Linear/multiple Regression models can be represented in the form of an equation

Y = A₁X₁ + A₂X₂ + … + A_nX_n + B

where Y is the dependent variable, X_n is the independent variables and A_n is the coefficient of X_n and B is the Intercept.

So, what is a coefficient? They are weights that are established to the independent variables based on the importance of the model. Let’s take an example of a simple linear regression that has one dependent variable Sales and an independent variable called Price. This can be represented in the form of an equation

Sales = A*Price + B

where A is Coefficient of Price. It explains the change in Sales when Price changes by 1 unit.

B is the intercept term which is also the prediction value you get when Price = 0

However, we must understand that there is always an error term associated with it. So, how do you reduce the error in the model?

The Line of Best Fit

The main purpose of the best fit line is to ensure that the predicted values are closer to our actual or the observed values. We must minimize the difference between the values predicted by us and the observed values. It’s termed as errors.

One technique to reduce the error is by using Ordinary Least Square (OLS). It tries to reduce the sum of squared errors ∑[Actual(Sales) – Predicted(Sales)]² by finding the best possible value of regression coefficient A.
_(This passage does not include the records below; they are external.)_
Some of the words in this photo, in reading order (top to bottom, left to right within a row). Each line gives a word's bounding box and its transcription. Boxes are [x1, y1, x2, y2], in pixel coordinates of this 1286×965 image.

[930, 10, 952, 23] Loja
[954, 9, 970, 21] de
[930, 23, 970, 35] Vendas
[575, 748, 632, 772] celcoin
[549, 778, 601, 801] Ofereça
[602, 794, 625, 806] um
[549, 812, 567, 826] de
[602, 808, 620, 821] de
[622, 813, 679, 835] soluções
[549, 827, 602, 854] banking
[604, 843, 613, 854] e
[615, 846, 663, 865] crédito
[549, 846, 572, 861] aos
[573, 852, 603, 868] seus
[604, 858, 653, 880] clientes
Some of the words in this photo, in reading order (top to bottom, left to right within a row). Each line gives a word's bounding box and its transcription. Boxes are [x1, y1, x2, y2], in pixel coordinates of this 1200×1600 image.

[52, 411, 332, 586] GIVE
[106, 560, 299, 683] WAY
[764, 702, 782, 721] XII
This technique penalizes higher error value much more as compared to a smaller one so that there is a significant difference between making big errors and small errors. Thus it is easy to differentiate and select the best fit line.
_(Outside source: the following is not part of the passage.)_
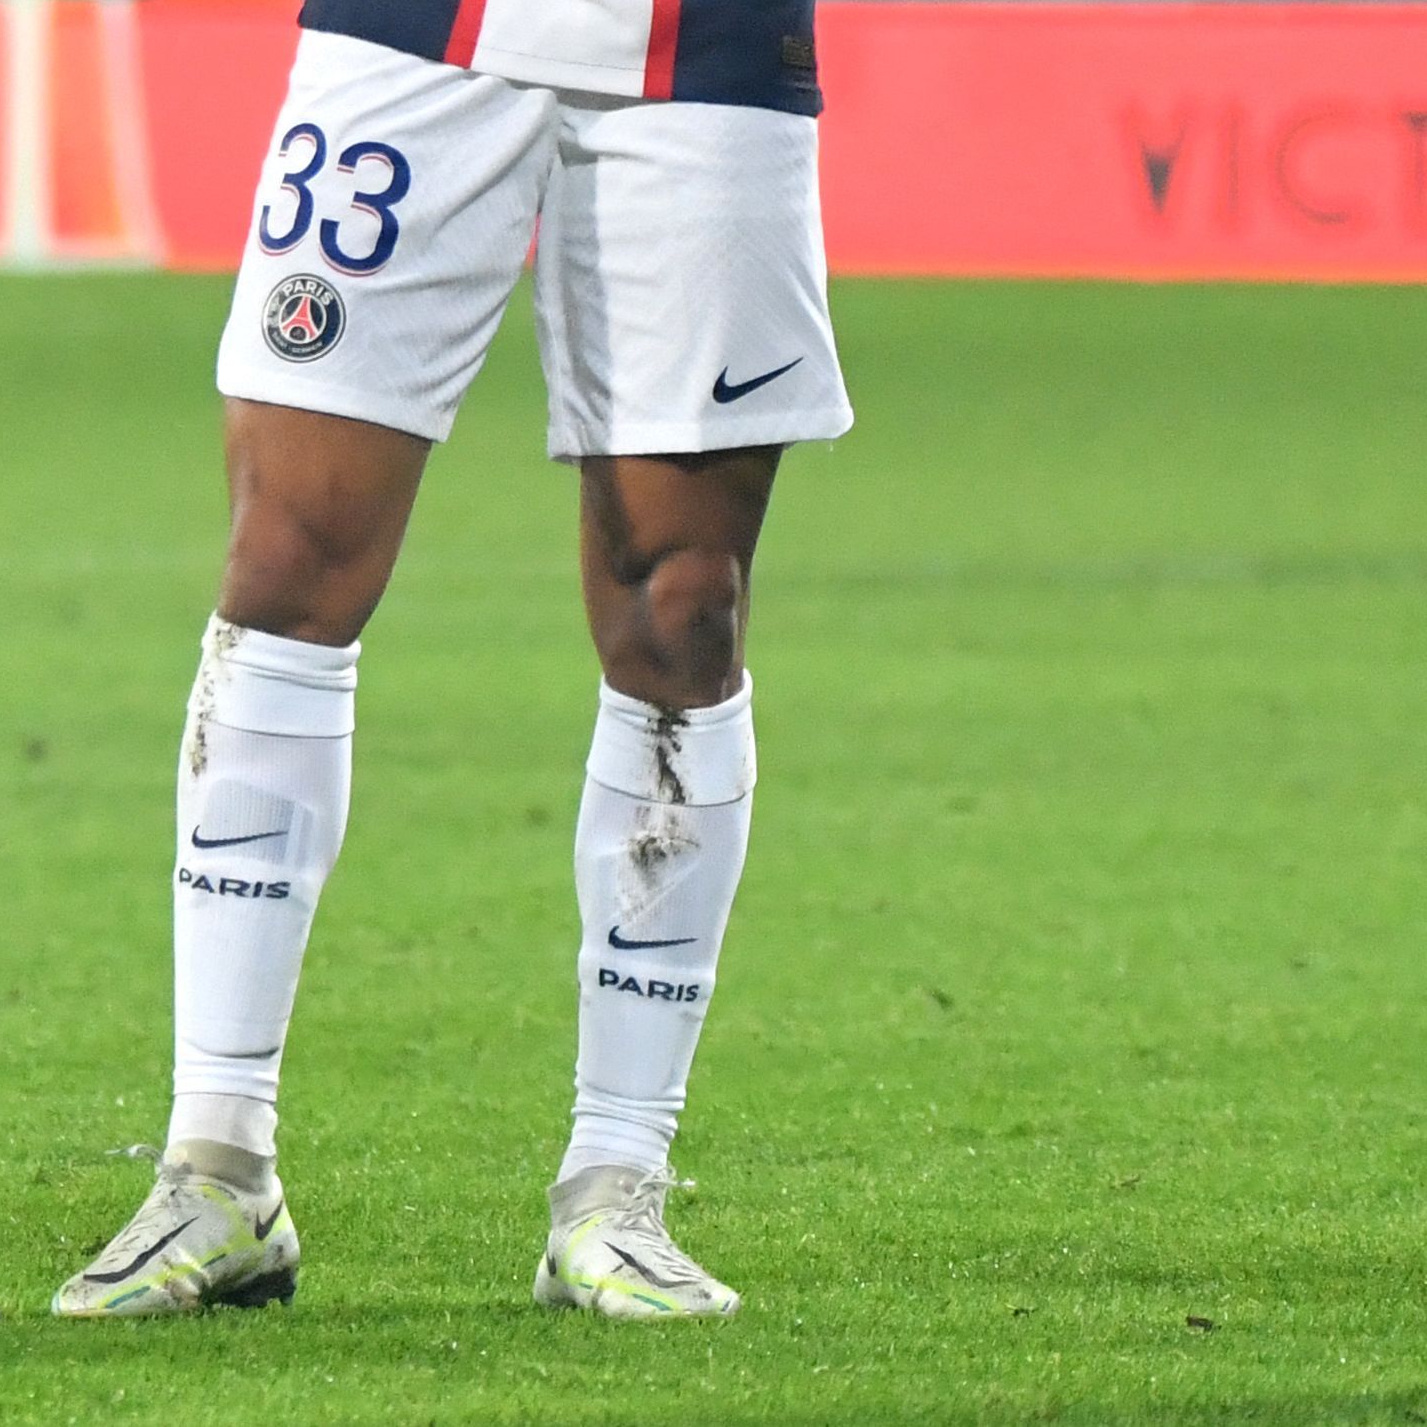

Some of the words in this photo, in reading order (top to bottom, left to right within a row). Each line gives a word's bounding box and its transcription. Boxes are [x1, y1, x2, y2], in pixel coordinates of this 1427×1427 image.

[257, 122, 411, 278] 33
[282, 280, 334, 306] PARIS
[178, 868, 290, 900] PARIS
[598, 968, 699, 1003] PARIS
You can also use other techniques like Generalized Least Square, Percentage Least Square, Total Least Squares, Least absolute deviation, and many more. However, OLS is easy to analyze and helps to differentiate and compute gradient descent. Interpretation of OLS is also much easier than other regression techniques.

Assumptions in Linear Regression

The following are some of the assumptions we make in a linear regression model:

There exists a linear and additive relationship between the dependent and independent variables. By linear, it means that the change in the independent variable by 1 unit change in the dependent variable is constant. By additive, it refers to the effect of X on Y is independent of other variables.
There is no multicollinearity (presence of correlation in independent variables). There must be no correlation between independent variables. If the variables are correlated, it becomes extremely difficult for the model to determine the true effect of IVs on DV.
The error terms must possess constant variance and an absence of it leads to Heteroskedasticity.
The error terms must be uncorrelated. The presence of correlation in the error terms is called as autocorrelation. It drastically affects the regression coefficients and standard error values since they are based on the assumption of uncorrelated error terms.
The dependent variable and the error terms must possess a normal distribution.

Tracking Violations of Assumptions

“How do I know if these assumptions are violated in my linear regression model ?”. Well, you have multiple ways to find out.

Residual vs. Fitted Values Plot

The plot between your residual and fitted values shouldn’t show any patterns. If you observe any curve or U shaped patterns, it means that there is a non-linearity in the data set. If you observe a funnel shape pattern it means that your data is suffering from heteroskedasticity- the error terms have non-constant variance.

Normality Q-Q Plot

It is used to determine the normal distribution of errors and uses a standardized value of residuals. This plot should show a straight line. If you find a curved, distorted line, then your residuals have a non-normal distribution.

Durbin Watson Statistic (DW)

This test is used to check autocorrelation. The value lies between 0 and 4. If the test value for DW =2, it means that there is no autocorrelation. If the value is between 0 and 2, it implies a positive autocorrelation, while a value greater an 2 implies negative autocorrelation.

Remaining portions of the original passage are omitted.